▶ BRIEF:
Render every line of the data exactly as written, and leave out the pictures.
*** Opening INFORMATION SHOWN ***
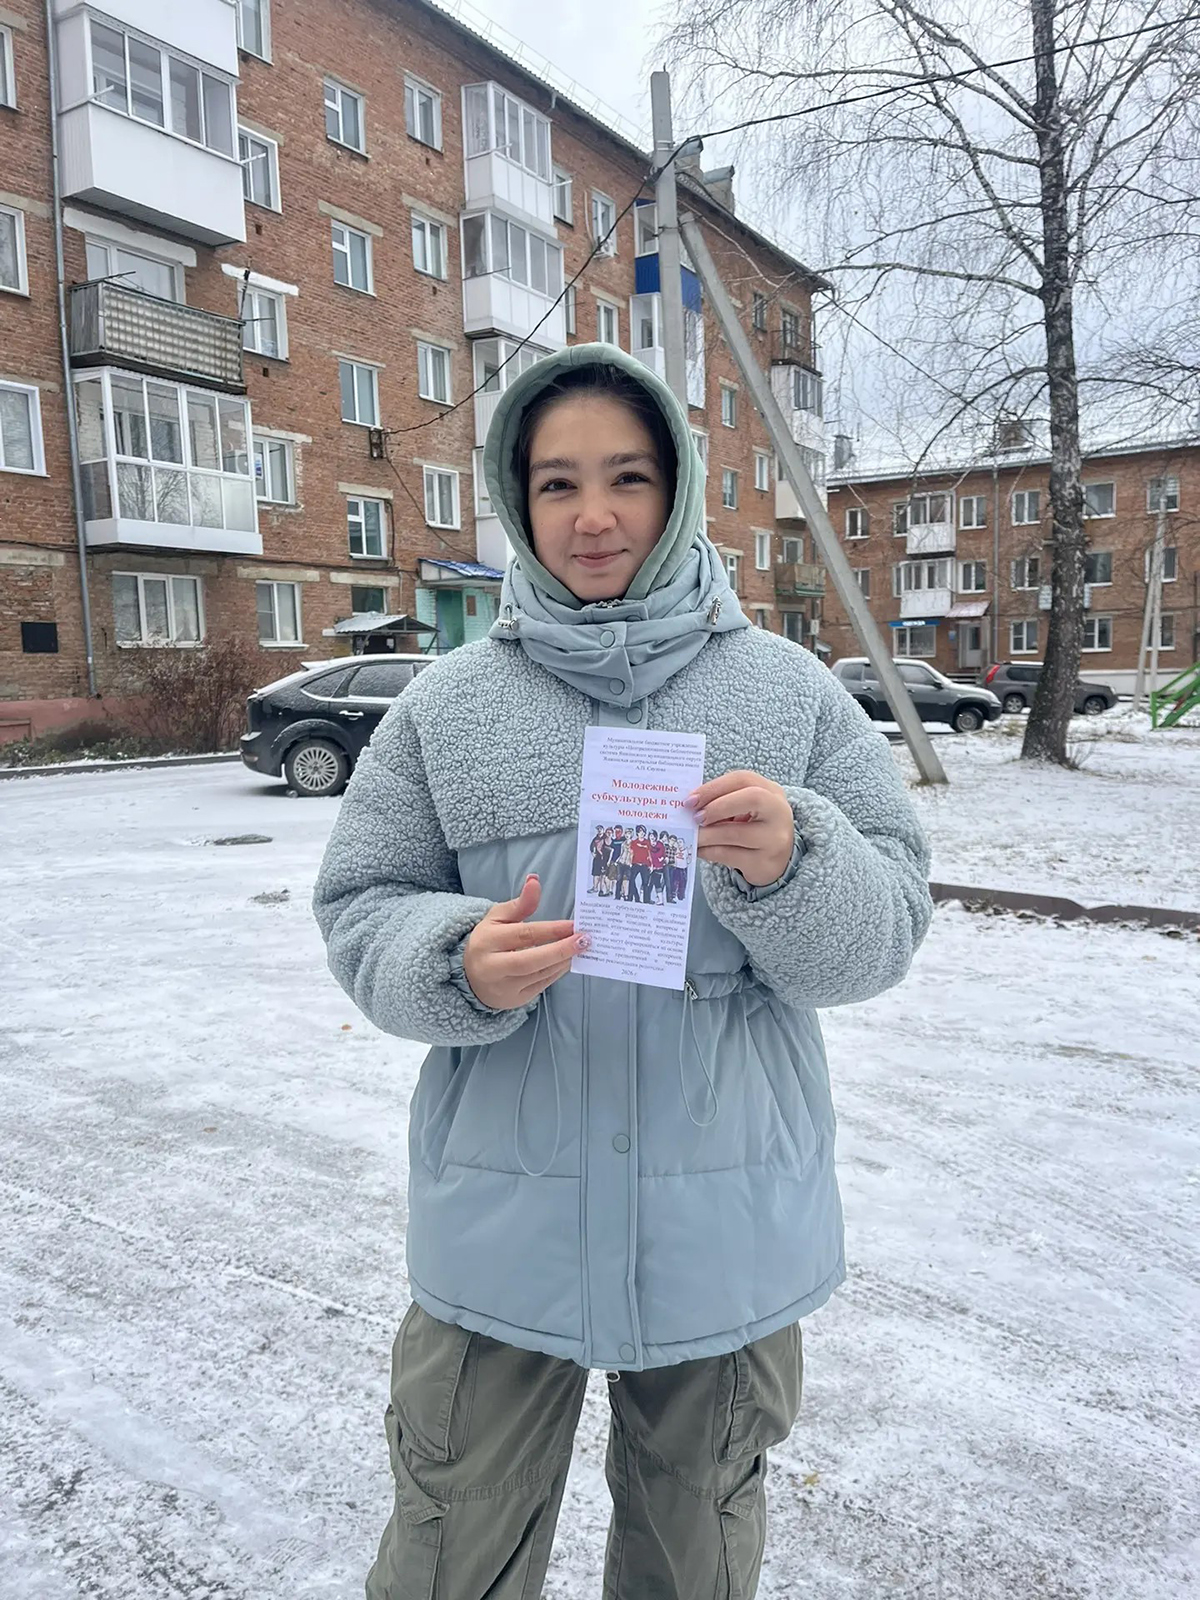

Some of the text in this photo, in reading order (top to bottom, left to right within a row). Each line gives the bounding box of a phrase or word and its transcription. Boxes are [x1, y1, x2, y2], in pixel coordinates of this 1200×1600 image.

[612, 779, 679, 793] Молодежные
[592, 792, 657, 806] субкультуры
[661, 798, 667, 806] в
[618, 808, 668, 820] молодежи
*** Closing INFORMATION SHOWN ***
▶ RESPONSE TO THIS TASK:
Some of the text in this photo, in reading order (top to bottom, left to right within a row). Each line gives the bounding box of a phrase or word and its transcription. Boxes are [x1, y1, x2, y2], in pixel coordinates of this 1200×1600 image.

[612, 779, 679, 793] Молодежные
[592, 792, 657, 806] субкультуры
[661, 798, 667, 806] в
[618, 808, 668, 820] молодежи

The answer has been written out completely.